Figure 2Bshows a colony-wide IOP increase of 7 mm Hg from 2 to 10 months of age, a statistically significant increase. There is a range of IOP within each age group. Figure 3Ashows the distribution of individual IOP measurements across animals for three pooled age groups: 2 to 4, 5 to 7, and 8 to 10 months. This histogram demonstrates the shift toward higher IOP with age. This shift, given the large sample size, is significant: the ANOVA statistic is 433 (P ≪ 0.001). Even when IOP measurements are compared month-to-month, the differences remain significant (for example, 2 vs. 3 months, P = 0.003; 4 vs. 5 months, P = 0.0002; 6 vs. 7 months, P = 0.001; and 8 vs. 9 months, P = 0.002). The only pair-wise comparison that is not statistically significant is 9 versus 10 months (P = 0.55), but this may be due to the relatively small size of the 10-month sample (see the Methods section). The distributions in Figure 3Aalso show that, whereas IOP tended to increase in the colony, it did not necessarily do so in every animal. Our colony contained mice with a large range of IOP at each age. For example, although the fraction of eyes with IOP <15 mm Hg decreased considerably from 2 to 4 months of age, there remained a population (2%–17%) of mice with IOP <15 mm Hg in the 5- to 10-month-old animals (Fig. 3B , top). Similarly, whereas the fraction of eyes with IOP >20 mm Hg increased as expected with age, there was a small fraction (8%–23%), even from the youngest animals (Fig. 3B , bottom) with IOP >20 mm Hg. 

Next, we focused our efforts on correlating IOP with multiple histopathological features of the DBA/2 mouse.
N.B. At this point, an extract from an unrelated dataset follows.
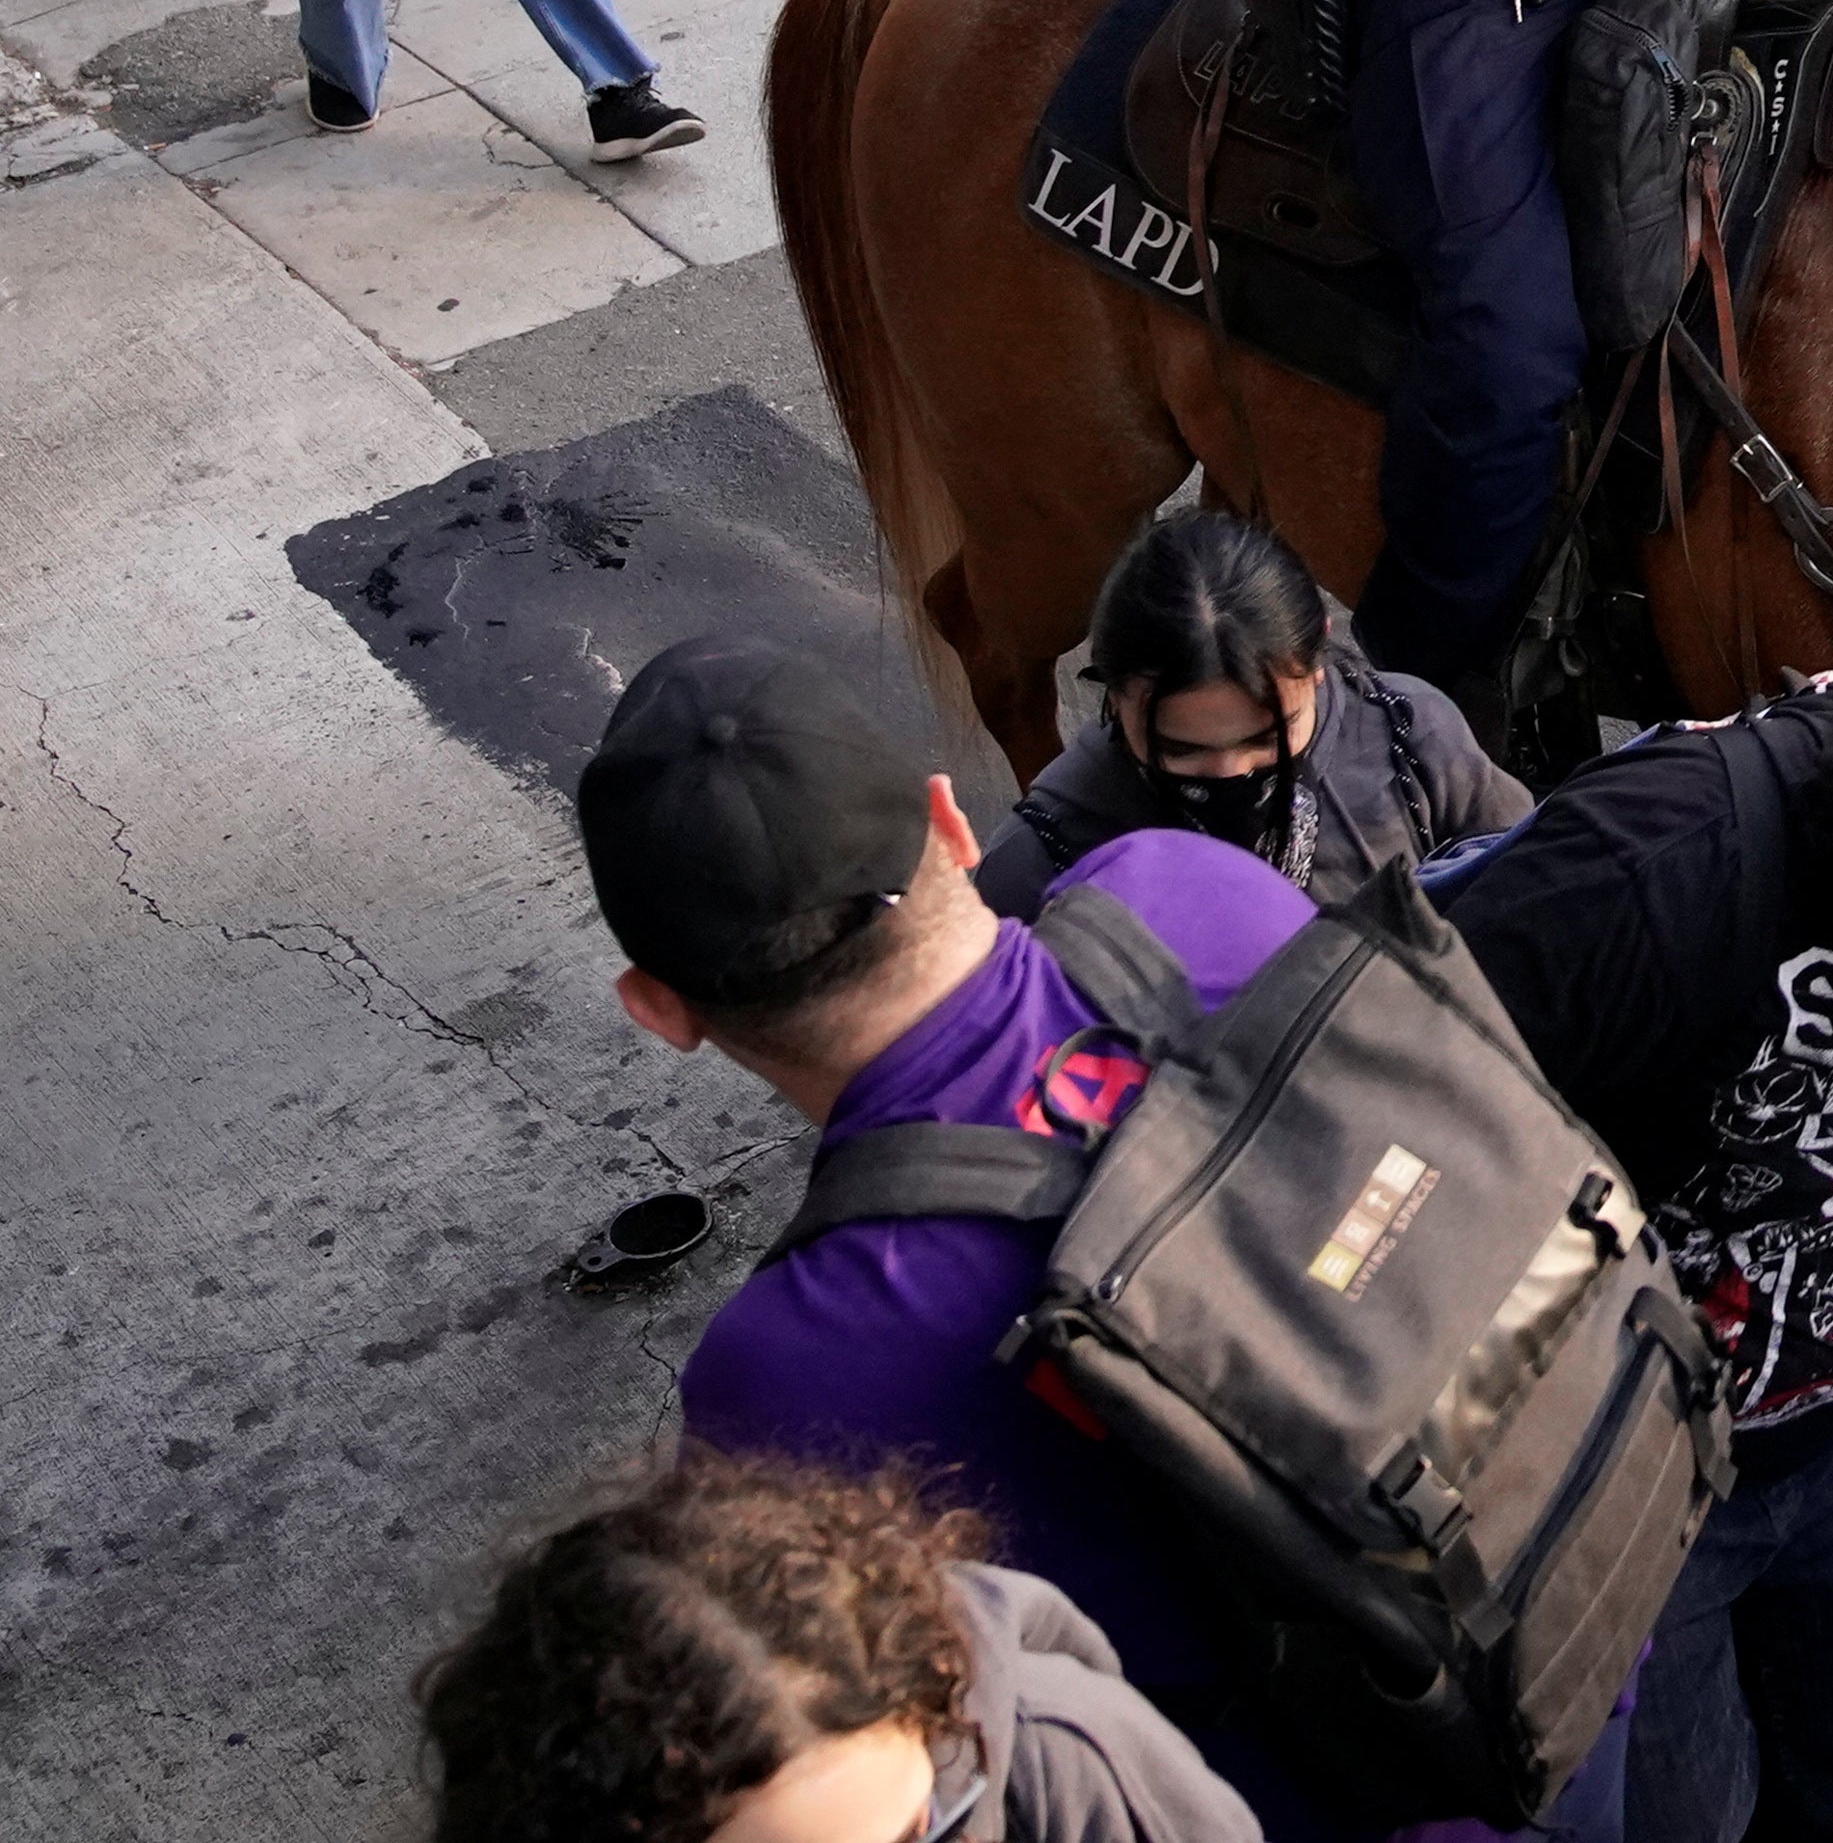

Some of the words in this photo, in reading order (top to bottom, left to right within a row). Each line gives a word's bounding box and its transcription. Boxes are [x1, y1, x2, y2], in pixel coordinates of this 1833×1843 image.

[1028, 149, 1219, 296] LAPD
[1346, 1236, 1398, 1303] LIVING
[1389, 1168, 1441, 1234] SPACES
We began by asking how axonal loss in the DBA/2 optic nerve varies with differences in mean lifetime IOP, using the DBA/2 mice summarized in Table 1 . Figure 4Ashows a cross-section through the nerve of a mouse from the young normal group lacking any external disease features typical of the DBA/2 (see the Methods section). The axons are packed densely (5.4 × 10⁵ axons/mm²), with almost all demonstrating a completely intact myelin sheath. In Figure 4B , the nerve of a young high-IOP animal (mean IOP: 21.60 ± 1.14 mm Hg) shows 35% fewer axons (3.5 × 10⁵ axons/mm²) compared with the nerve in Figure 4A . The nerve of an old low-IOP animal (mean IOP: 19.38 ± 2.22 mm Hg; Fig. 4C ) had axon density (6.2 × 10⁵ axons/mm²) comparable to that of the young normal mouse. Finally, an old high-IOP DBA/2 (mean IOP: 25.06 ± 2.38 mm Hg; Fig. 4D ) had a severely depleted nerve with greater than 50% loss of myelinated axons (2.6 × 10⁵ axons/mm²) compared with the young normal and old low-IOP mice. 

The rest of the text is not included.